Good thing that would have never happened on a Princess Cruise.

 

Yeah, right!

 

 

...As far as making a choice to not seek medical help because you may be put off the ship..... Why would you jeopardize your life for a few days of vacation. Anyone who would is a fool and taking an unnecessary risk. There is always time to cruise again. There certainly will not be if you end up dying at sea.

 

I am not being facetious when I say that there are worst places to die. I do believe that whether or not one leaves the ship to seek additional medical assistance should be the passenger's choice, assuming that the passenger is possession of his faculties. There are not very many islands in the Caribbean on which I would choose to be hospitalized. It sounds to me like the line simply did not want to bother with the situation for whatever reason. I know that many will post about the superior knowledge of the doctor on board, and the lack of proper testing facilities available, and many other arguments in favor of going to a hospital on the island. The fact remains however, that the passenger apparently did not want to use the hospital in Roatan, and told the ship MD that if put off was going to head home.
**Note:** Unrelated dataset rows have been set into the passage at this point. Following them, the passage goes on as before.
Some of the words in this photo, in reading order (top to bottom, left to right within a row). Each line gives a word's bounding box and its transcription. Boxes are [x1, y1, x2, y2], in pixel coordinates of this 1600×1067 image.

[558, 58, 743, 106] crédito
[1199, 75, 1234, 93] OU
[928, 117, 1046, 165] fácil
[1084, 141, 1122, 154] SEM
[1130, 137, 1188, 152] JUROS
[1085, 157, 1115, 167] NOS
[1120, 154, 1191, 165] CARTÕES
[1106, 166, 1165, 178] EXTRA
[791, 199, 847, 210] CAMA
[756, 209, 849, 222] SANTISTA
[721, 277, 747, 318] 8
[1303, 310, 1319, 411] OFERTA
That being the case it would seem that the line owed him at least some assistance in getting home. The article doesn't say what the stop was after the next 2 days at sea, but I would assume that it was headed back to Tampa, or maybe to Grand Cayman. I think most of us would much rather be hospitalized in Grand Cayman or at home in Tampa. I do agree that the cruise line is kind of between a rock and a hard place. It the passenger dies they would probably get sued either way.

 

I wonder what the ship authorities would have done if the passengers simply refused to leave.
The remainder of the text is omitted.